I tifosi, più che il gioco in sé, restano però la differenza più grande. O meglio il modo in cui i tifosi reagiscono. La passione è la stessa, ma forse c'è più fair play a Turner's Cross. Ad esempio, quando l'arbitro prende una decisione sbagliata o comunque discutibile, i tifosi irlandesi non gridano improperi a danno della moglie del pover'uomo, né invocano punizioni corporali. Invece gridano 'buuh'. “E' allucinante,” dice Cecca con entusiasmo. “Mi piacerebbe che lo facessero anche a Bologna.

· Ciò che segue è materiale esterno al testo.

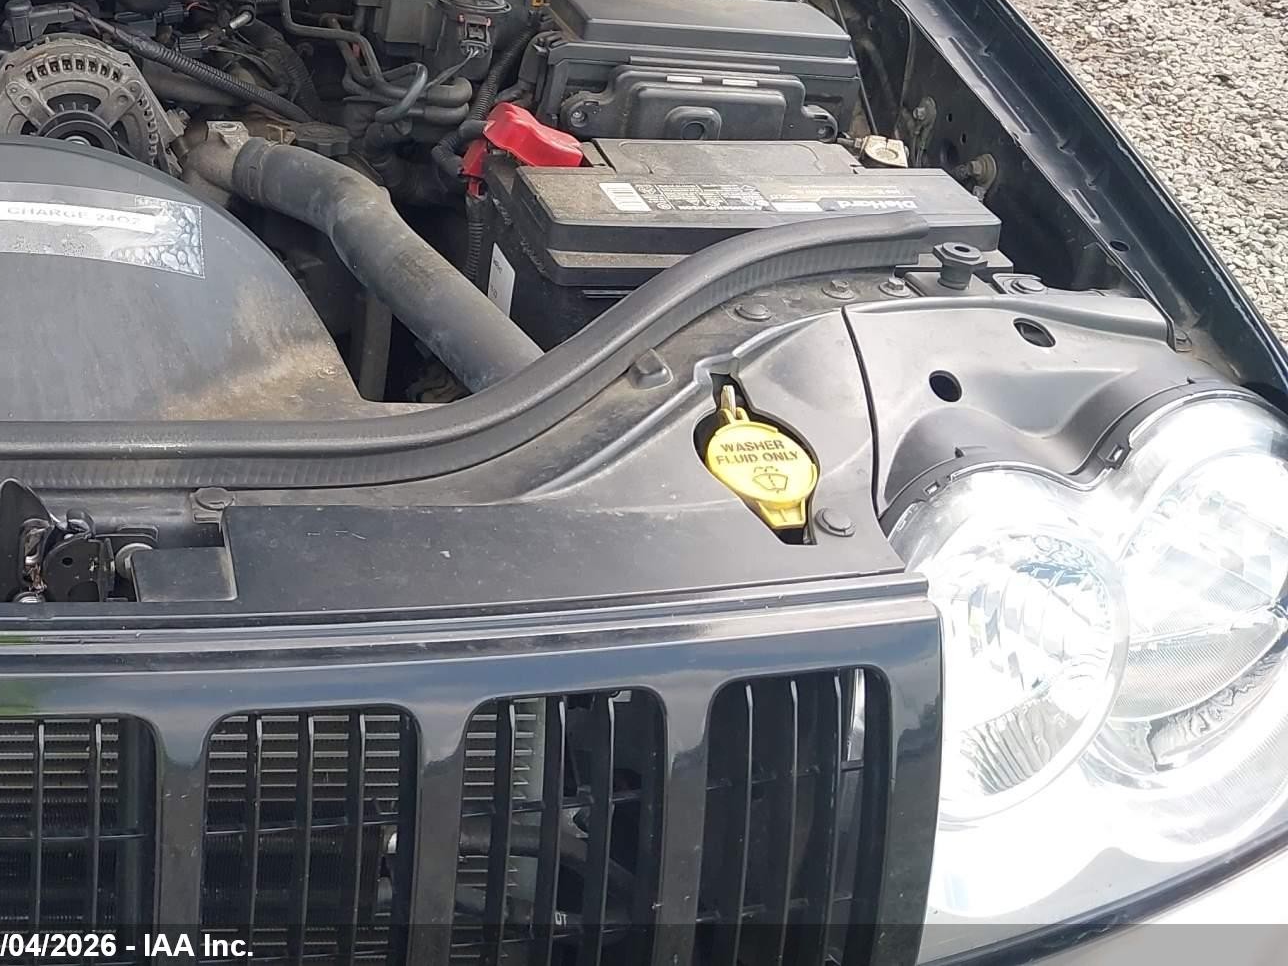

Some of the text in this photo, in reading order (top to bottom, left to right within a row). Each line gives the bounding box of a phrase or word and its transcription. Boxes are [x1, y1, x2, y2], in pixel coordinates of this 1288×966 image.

[837, 200, 918, 210] DieHard
[7, 206, 89, 219] CHARGE
[720, 439, 785, 452] WASHER
[716, 450, 799, 465] FLUID ONLY
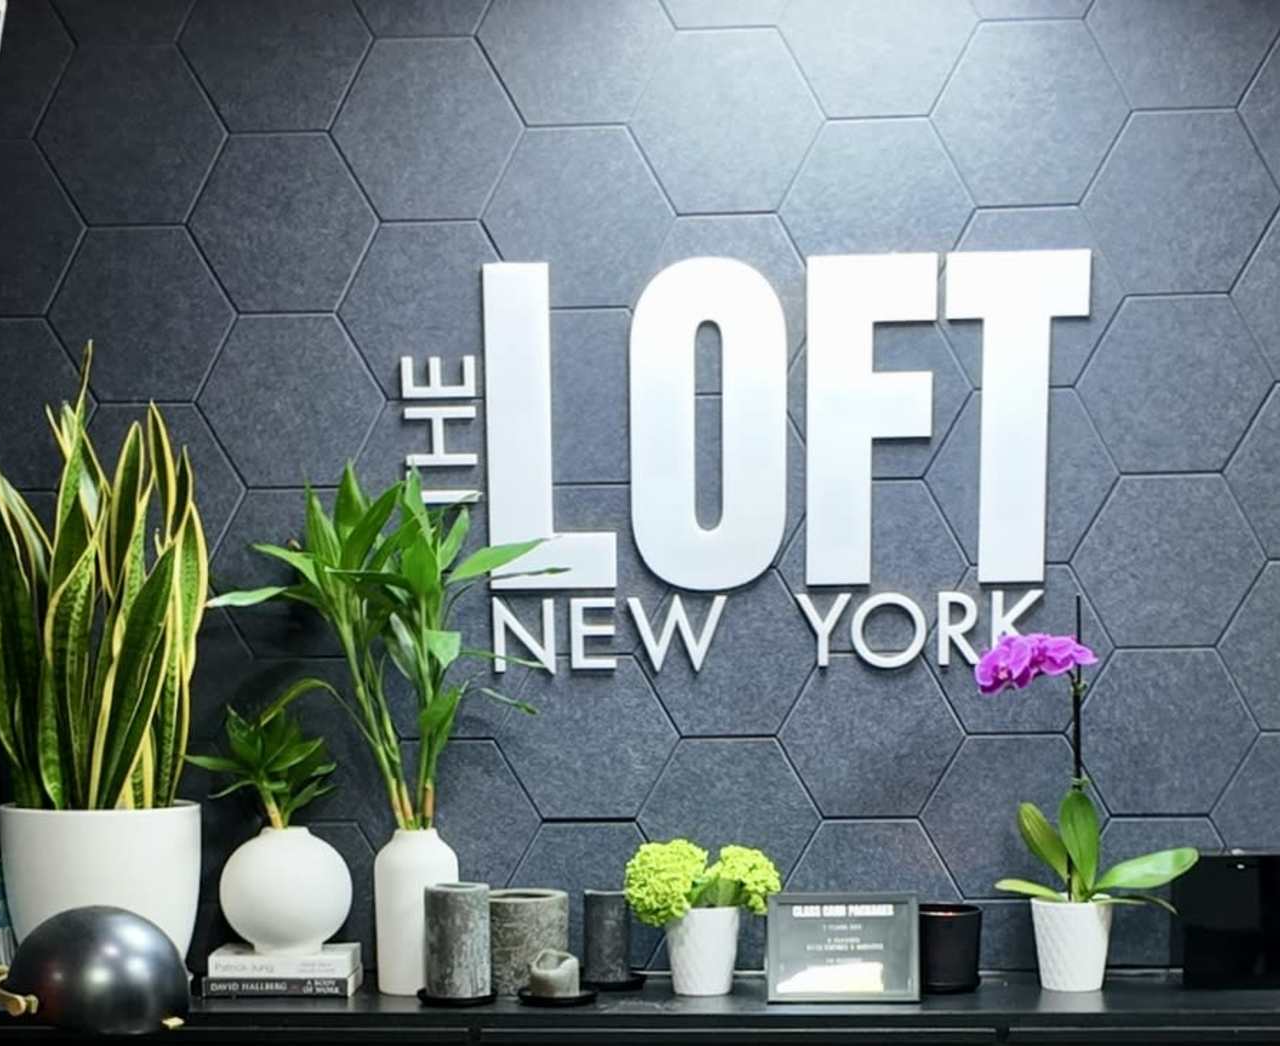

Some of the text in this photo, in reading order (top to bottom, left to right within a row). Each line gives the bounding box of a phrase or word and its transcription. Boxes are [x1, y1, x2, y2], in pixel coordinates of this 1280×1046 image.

[481, 248, 1091, 591] LOFT
[490, 589, 1045, 675] NEW YORK
[210, 982, 239, 992] DAVID
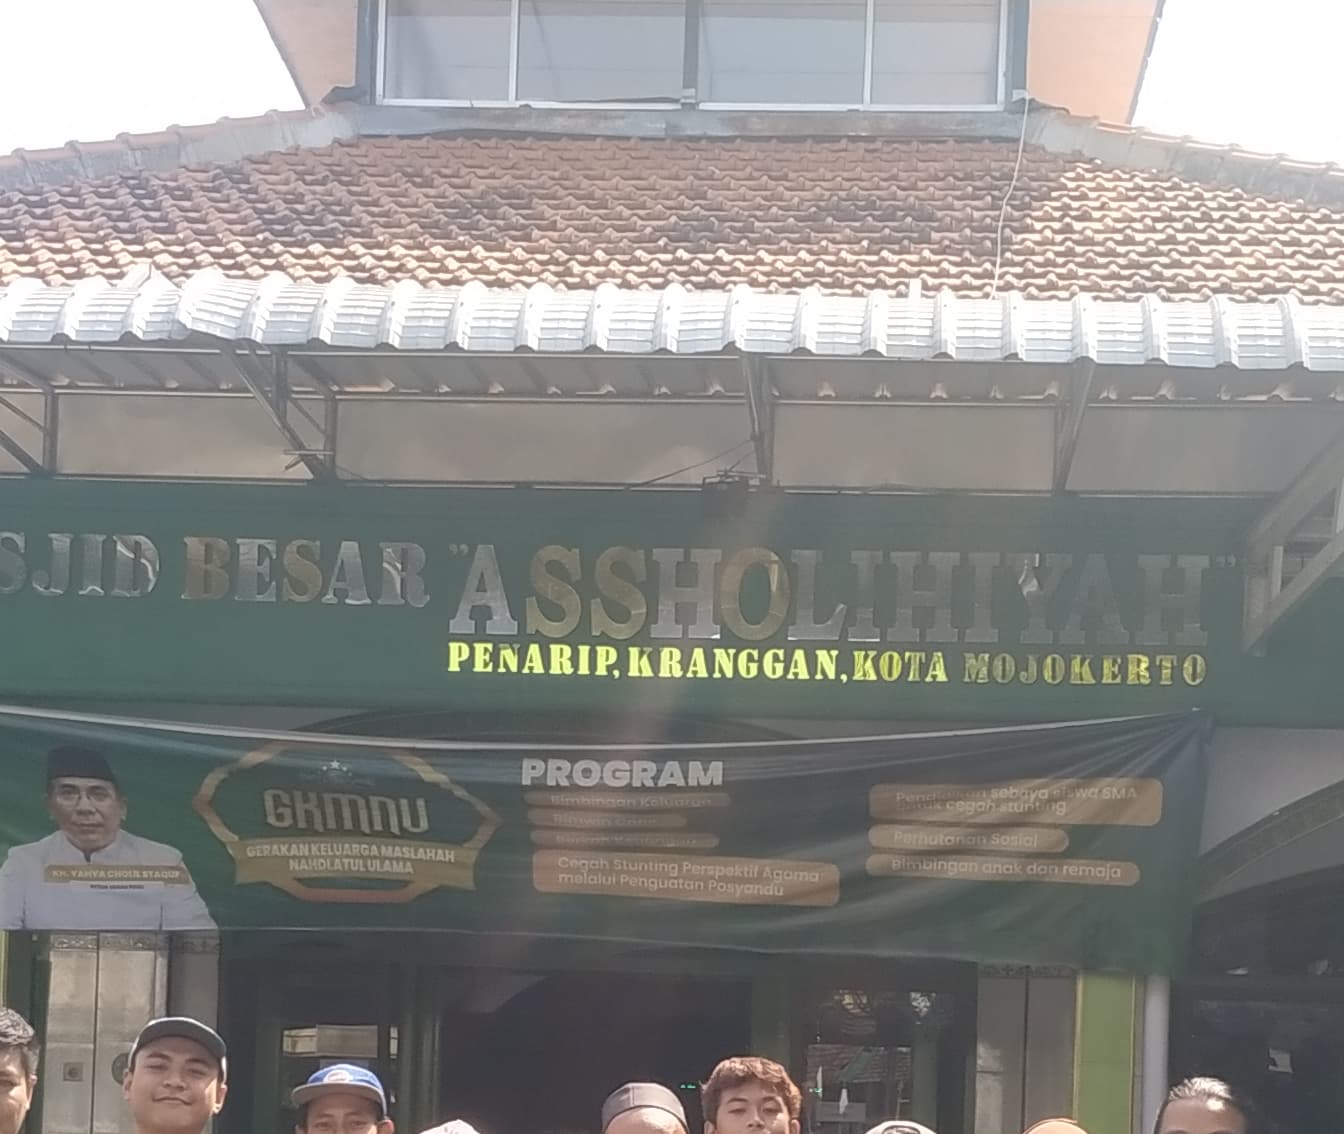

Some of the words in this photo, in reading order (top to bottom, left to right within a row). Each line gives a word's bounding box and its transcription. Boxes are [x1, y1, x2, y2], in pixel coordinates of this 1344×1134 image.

[180, 535, 431, 608] BESAR
[853, 650, 949, 683] KOTA
[963, 652, 1207, 687] MOJOKERTO
[521, 757, 724, 787] PROGRAM
[246, 842, 309, 858] GERAKAN
[309, 843, 380, 858] KELUARGA
[382, 847, 456, 864] MASLAHAH
[289, 858, 367, 873] NAHDLATUL
[368, 859, 414, 875] ULAMA
[557, 856, 609, 873] Cegah
[614, 858, 678, 877] Stunting
[682, 861, 758, 880] Perspektif
[763, 866, 820, 883] Agama
[891, 858, 978, 876] Bimbingan
[1062, 864, 1121, 881] remaja
[557, 871, 617, 886] melalui
[620, 875, 704, 891] Penguatan
[708, 879, 784, 897] Posyandu
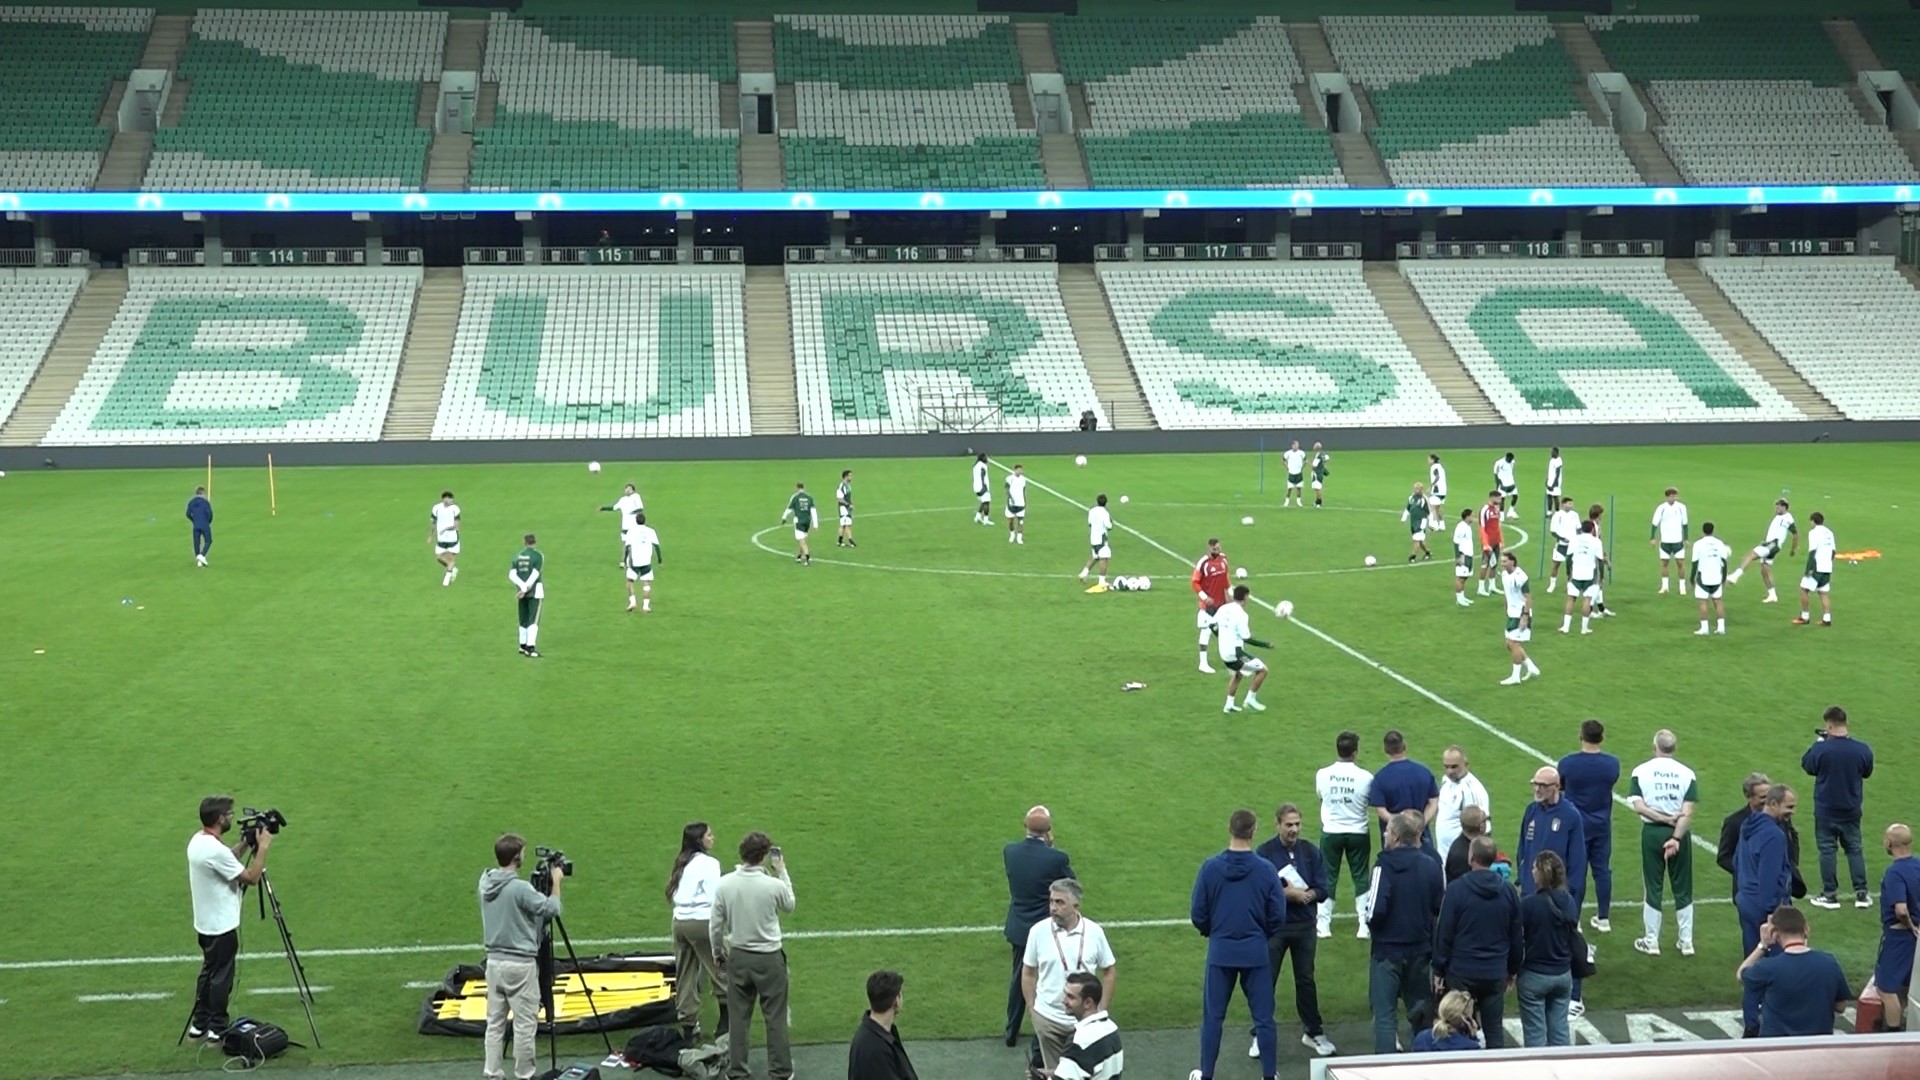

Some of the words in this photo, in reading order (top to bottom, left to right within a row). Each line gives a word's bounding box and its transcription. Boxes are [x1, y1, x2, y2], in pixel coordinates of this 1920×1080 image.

Te l'immagini?! L'arbitro prende una decisione del cavolo e tutti all'unisono fanno 'Buuh! Buuh!' – credo che lo terrorizzerebbero.” E tutt'e due si mettono ad imitare la scena, il che è sufficiente per attirare l'attenzione preoccupata del resto delal clientela nel pub, a testimonianza di come funzionerebbe bene a bordo campo!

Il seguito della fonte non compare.